In case the last track got you down though, Damian is ready to lift you back up with the positive vibes of “Living It Up”. This track is great party tune that celebrates the rise of Damian’s father out of the tenement yards of Trenchtown:
The pace gets slowed down for the next track “Looks Are Deceiving”, which is a track that I slept on in my early listens to the album. The song recounts an imaginary conversation between Damian and an angel, and I consider it one of the most lyrically potent tracks on the album, even though it doesn’t really have many lines.
The chill vibes carry over to “The Struggle Discontinues”, which is a track I have not quite come to terms with. Sonically, it’s great, but I have difficulty processing it lyrically. I understand the point that Damian is trying to make with this track, and agree that a positive mindset is required to deal with the troubles in life. But to say you don’t want to sing about the struggle continuing, because that makes it manifest, doesn’t sit well with me.
“Autumn Leaves” is a slow jam in which Damian really stretches his vocal cords, but as it stands now, this is probably my least favourite track on the album.
The song reminds me a bit of “Affairs Of The Heart”, which I didn’t like at first, but grew to love, so there is still hope 🙂
After this track comes “Everybody Wants To Be Somebody”, which shakes you awake again with a driving, four-on-the-floor beat.
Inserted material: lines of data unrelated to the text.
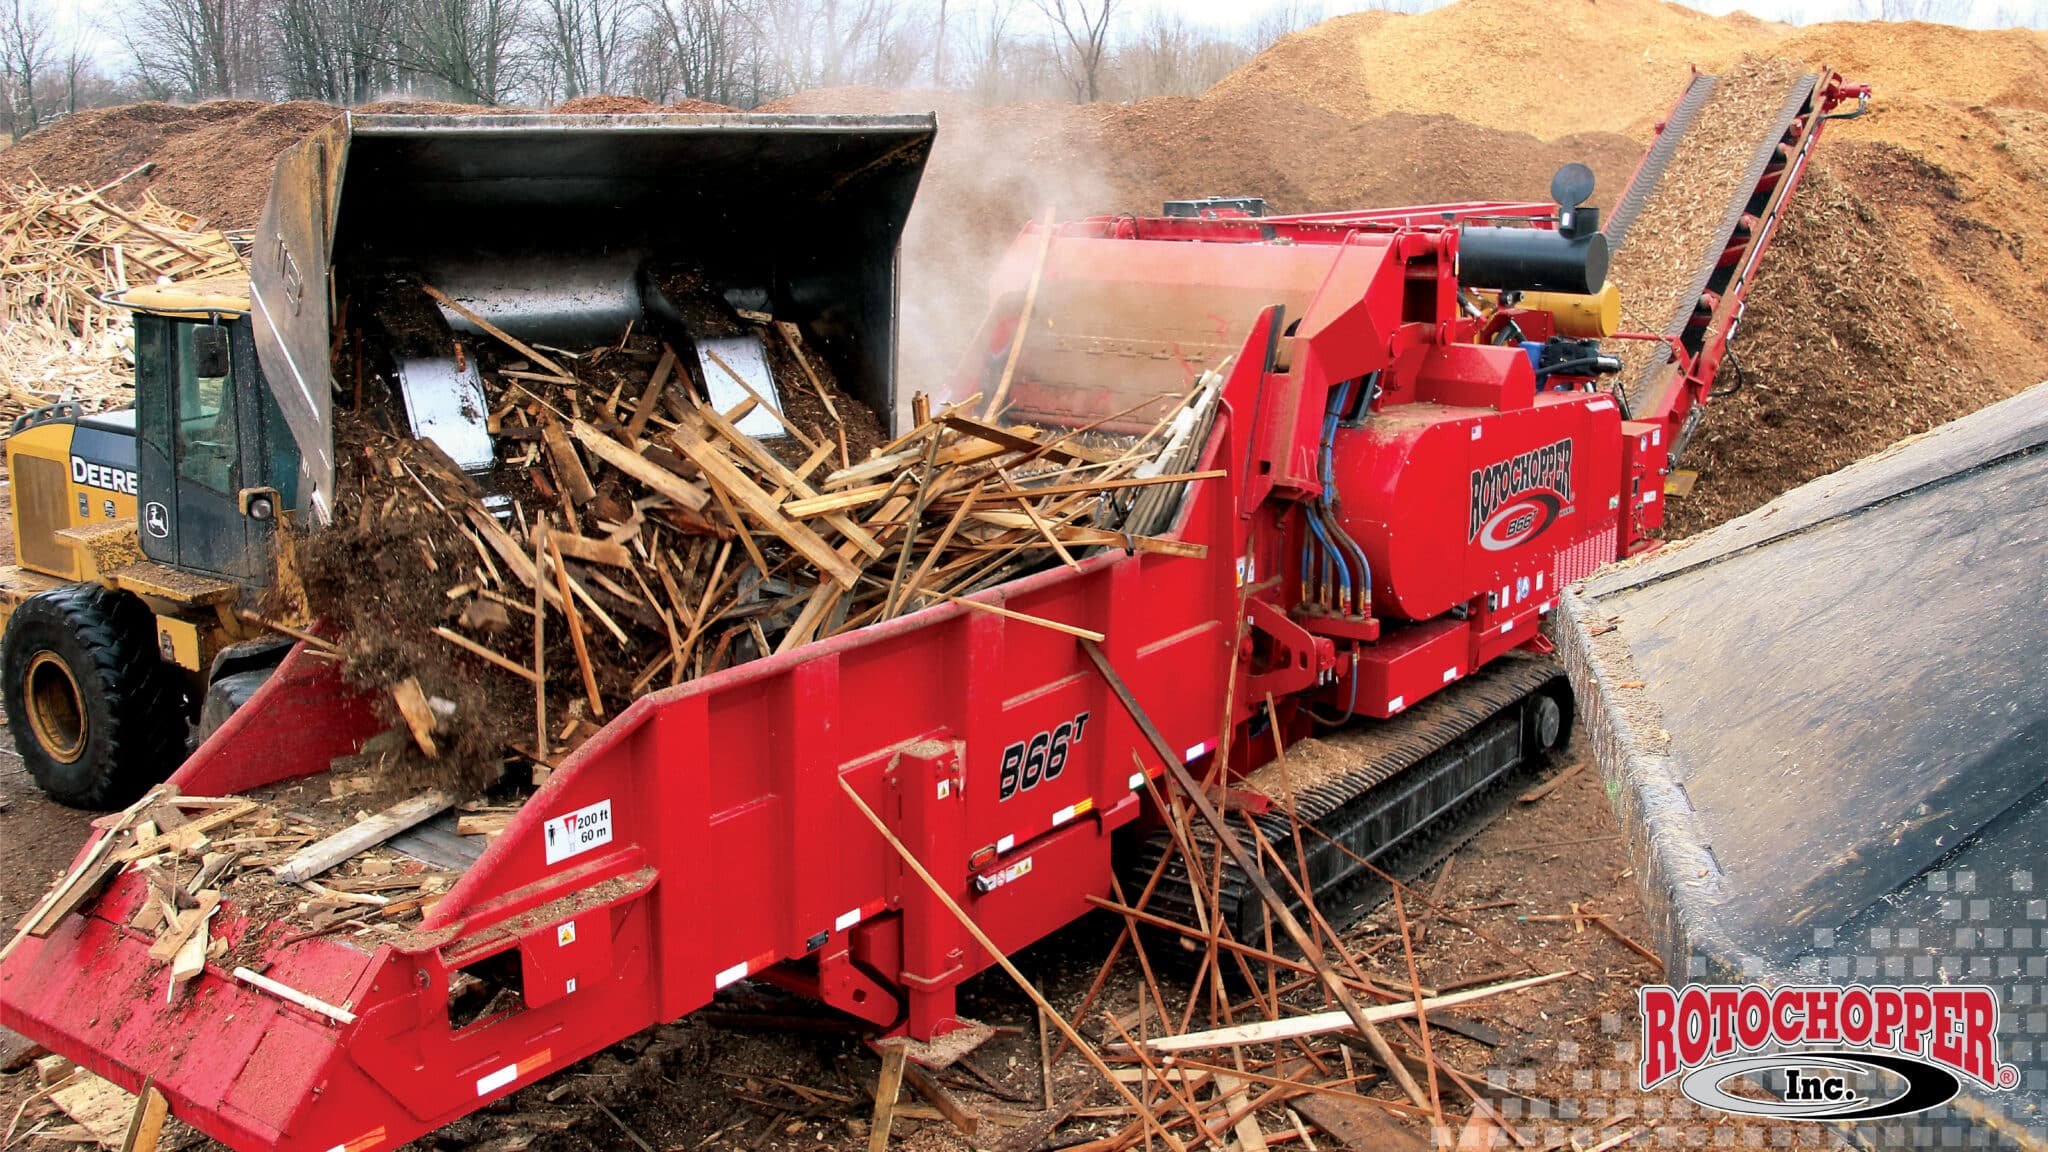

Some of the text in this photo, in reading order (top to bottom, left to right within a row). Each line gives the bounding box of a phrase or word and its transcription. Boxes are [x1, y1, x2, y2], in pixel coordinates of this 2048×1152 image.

[71, 455, 137, 495] DEERE
[1468, 437, 1572, 544] ROTOCHOPPER
[1000, 710, 1090, 802] B66T
[577, 808, 609, 830] 200 ft
[581, 827, 607, 843] 60 m
While I don’t listen to much dancehall reggae anymore, I really love the innovative production on the next track called “Upholstery” which features Major Myjah who is the son of the legendary Bounty Killer. Solid party track.
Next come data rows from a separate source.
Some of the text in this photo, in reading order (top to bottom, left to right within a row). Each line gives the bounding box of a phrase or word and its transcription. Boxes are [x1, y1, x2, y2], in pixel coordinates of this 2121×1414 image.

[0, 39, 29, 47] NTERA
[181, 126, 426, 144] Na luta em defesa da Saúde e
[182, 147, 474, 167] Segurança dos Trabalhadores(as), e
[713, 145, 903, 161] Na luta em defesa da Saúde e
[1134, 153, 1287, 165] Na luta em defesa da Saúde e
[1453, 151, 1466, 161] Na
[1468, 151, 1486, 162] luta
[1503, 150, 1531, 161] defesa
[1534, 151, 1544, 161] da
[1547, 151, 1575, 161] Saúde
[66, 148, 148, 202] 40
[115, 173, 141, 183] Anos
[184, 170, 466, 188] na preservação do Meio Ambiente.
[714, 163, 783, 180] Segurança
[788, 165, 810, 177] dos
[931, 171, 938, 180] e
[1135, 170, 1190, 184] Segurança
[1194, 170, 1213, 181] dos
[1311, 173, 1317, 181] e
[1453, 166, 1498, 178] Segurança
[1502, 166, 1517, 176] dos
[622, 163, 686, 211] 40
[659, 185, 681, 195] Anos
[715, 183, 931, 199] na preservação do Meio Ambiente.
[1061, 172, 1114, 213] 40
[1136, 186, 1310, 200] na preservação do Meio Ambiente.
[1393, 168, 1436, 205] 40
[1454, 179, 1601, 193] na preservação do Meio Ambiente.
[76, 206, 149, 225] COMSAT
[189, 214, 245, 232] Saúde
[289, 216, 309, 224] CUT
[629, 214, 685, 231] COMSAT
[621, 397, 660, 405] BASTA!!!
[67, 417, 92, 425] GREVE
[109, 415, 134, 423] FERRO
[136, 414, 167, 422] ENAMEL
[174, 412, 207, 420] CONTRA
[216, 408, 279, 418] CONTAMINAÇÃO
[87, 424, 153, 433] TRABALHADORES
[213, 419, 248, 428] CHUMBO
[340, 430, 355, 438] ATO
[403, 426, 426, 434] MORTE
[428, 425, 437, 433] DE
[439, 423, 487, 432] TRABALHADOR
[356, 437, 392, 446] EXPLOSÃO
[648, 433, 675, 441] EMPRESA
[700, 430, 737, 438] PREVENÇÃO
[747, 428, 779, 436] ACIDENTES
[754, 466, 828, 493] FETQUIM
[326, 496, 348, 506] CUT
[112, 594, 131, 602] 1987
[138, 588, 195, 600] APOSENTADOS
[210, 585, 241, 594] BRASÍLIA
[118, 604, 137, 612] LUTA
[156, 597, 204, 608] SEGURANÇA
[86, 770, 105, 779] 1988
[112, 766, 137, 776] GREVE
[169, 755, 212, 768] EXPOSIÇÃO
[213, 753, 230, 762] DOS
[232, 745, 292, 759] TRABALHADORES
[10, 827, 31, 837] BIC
In my opinion, the most radio-friendly track of the album is another Damian and Stephen combination called “Grown & Sexy”. It has that certain pop quality to it which I think would lend itself to being a crossover hit, but the album was released in July, so if it hasn’t happened by now, it probably never will, which makes my thoughts on it irrelevant I suppose 🙂
The track “Picture Pefect” is a bit of a cheat as it was released on Stephen Marley’s album the year before Stony Hill came out. On that album, it was Stephen Marley featuring Damian Marley, and on this one, it’s Damian featuring Stephen. I’m sure the brothers don’t care about the writing credits or revenue for the track, but from a business perspective I wonder how this was handled, and from a creative perspective, how this ended up on both of their albums.
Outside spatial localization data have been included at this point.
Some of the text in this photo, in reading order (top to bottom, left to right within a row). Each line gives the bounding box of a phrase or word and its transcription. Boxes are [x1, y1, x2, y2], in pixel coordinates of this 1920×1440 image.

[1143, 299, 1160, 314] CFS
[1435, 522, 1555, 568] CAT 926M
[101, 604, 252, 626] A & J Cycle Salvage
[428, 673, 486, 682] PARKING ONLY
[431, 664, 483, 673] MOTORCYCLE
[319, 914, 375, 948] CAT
I haven’t listened to the remaining tracks on the album with any regularity, with the exception of “Caution” which was another single released last year. This track is interesting because it was completely redone for the album. I posted about the original version on TickuTalk when it came out, but it’s been removed from SoundCloud so I can’t remember exactly what it sounded like, but it was definitely different. My cousin suggested that the changes made to this track made it sound like it would play better in a live setting, which I agreed with, so maybe this is one to watch out for on the cruise.
One of things I’ve found with this album is that I’m rarely in the mood to listen to it from beginning to end. There is not a lot of continuity in terms of the style/mood of the tracks, which can sometimes make listening to the entire album feel a bit jarring. That’s not necessarily a bad thing, as the variety of tracks makes it a versatile album, almost like a musical Swiss army knife. For every occasion or mood, there is a track for you on this album, you just have to find it. So enjoy the search! Searching is an activity that we have come to expect happens instantaneously in this day and age, but in this type of search, the journey is half the fun.